Häufig wird auch eine Kombination von DMSO mit Diclofenac-Natrium angefragt. Das Analgetikum kann dabei in Konzentrationen von ein bis acht Prozent problemlos in die NRF-Monographie 2.6. ergänzt werden. Als Primärpackmittel für Dermatika mit Dimethylsulfoxid sind Aluminiumtuben nicht geeignet, Spenderdosen oder Weithalsgläser können aber verwendet werden.
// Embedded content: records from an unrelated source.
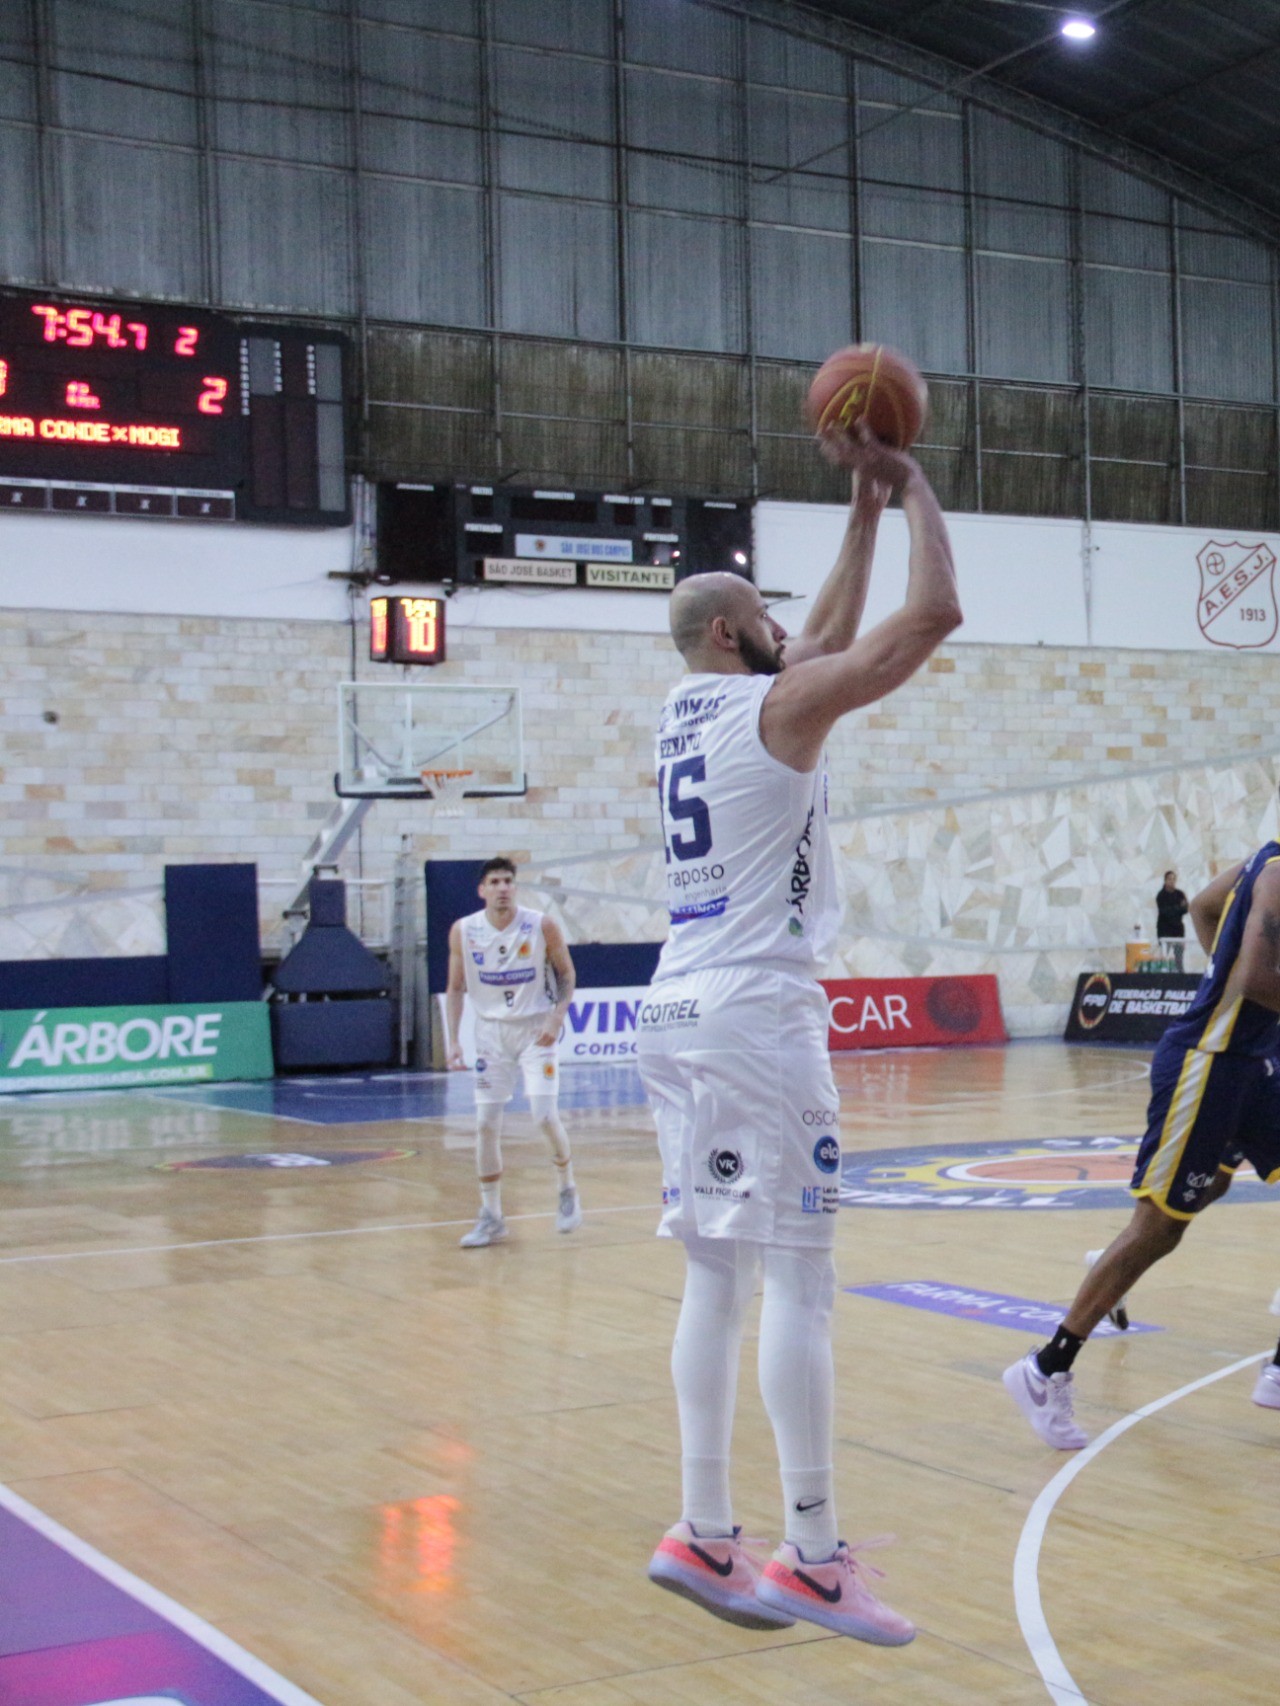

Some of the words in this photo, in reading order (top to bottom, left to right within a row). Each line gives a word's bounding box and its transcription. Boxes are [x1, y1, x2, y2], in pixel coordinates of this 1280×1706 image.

[174, 326, 199, 356] 2
[197, 376, 228, 415] 2
[488, 562, 508, 576] SÃO
[536, 566, 573, 580] BASKET
[589, 569, 670, 586] VISITANTE
[1239, 607, 1267, 622] 1913
[407, 617, 437, 653] 10
[667, 863, 725, 892] raposo
[1113, 987, 1162, 1000] FEDERAÇÃO
[641, 998, 701, 1024] COTREL
[828, 994, 912, 1034] CAR
[1108, 1001, 1124, 1014] DE
[1125, 1001, 1191, 1016] BASKETBA
[8, 1010, 223, 1069] ÁRBORE
[820, 1142, 839, 1160] elo
[694, 1185, 714, 1196] VALE
Oder als Lösung zum Aufsprühen

Manche Patienten empfinden die Applikation halbfester Zubereitungen als schmerzhaft. In solchen Fällen können auch Lösungen mit DMSO zum Auftragen auf die Haut als Spray appliziert werden. Solche Zubereitungen sind leicht herzustellen und können neben Gereinigtem Wasser auch Ethanol 96 Prozent als weitere Flüssigkeit enthalten. Die fertigen Lösungen können dann in eine Glasflasche mit Zerstäuberpumpe abgefüllt werden. 

Sowohl das Spray als auch die halbfeste Zubereitung sollen von den Patienten über zwei bis drei Monate bis zu fünfmal täglich aufgetragen werden. Da Dimethylsulfoxid die Aufnahme anderer Substanzen in die Haut beschleunigt, dürfen unmittelbar vor oder nach der Applikation auf der gleichen Hautstelle keine anderen Arzneimittel oder kosmetische Produkte aufgetragen werden.

Lokale Reizungen und Knoblauchatem

Mit steigender Konzentration an Dimethylsulfoxid lässt sich zwar eine verbesserte Wirkung erzielen, allerdings nehmen auch unerwünschte Wirkungen zu. Es kann unter anderem zu schweren Reizungen der Haut wie Brennen, Jucken und Rötungen kommen, teilweise wurde auch schon eine Blasenbildung beobachtet. Diese Hautreaktionen werden durch die durchblutungssteigernde Wirkung von DMSO hervorgerufen. 

Bei großflächiger Verwendung kann es auch zu systemischen Nebenwirkungen wie Übelkeit, Brechreiz und Magen-Darm-Beschwerden kommen. Auch bei bestimmungsmäßigem Gebrauch wird ein Teil desDimethylsulfoxids über die Lunge metabolisiert und das entstehende Stoffwechselprodukt Dimethylsulfid sorgt für einen knoblauchartigen Atem und Geruch. Da Dimethylsulfoxid die Freisetzung von Histamin erhöhen kann, dürfen zudem Personen, die zu Allergien neigen, keine entsprechenden Zubereitungen verwenden.

Fazit: Was sagen Sie der Kundin?

Gegen Schmerzen in Muskeln und Gelenken zeigt Dimethylsulfoxid tatsächlich therapeutische Wirksamkeit, allerdings unterliegen entsprechende Zubereitungen der Verschreibungspflicht. Wie bei allen Arzneimitteln sind auch hier Empfehlungen zur Dosierung und Anwendung einzuhalten, da jede Form der Überdosierung schwerwiegende gesundheitliche Schäden zur Folge haben kann. Von Selbstversuchen mit reinem Dimethylsulfoxid muss daher dringend abgeraten werden.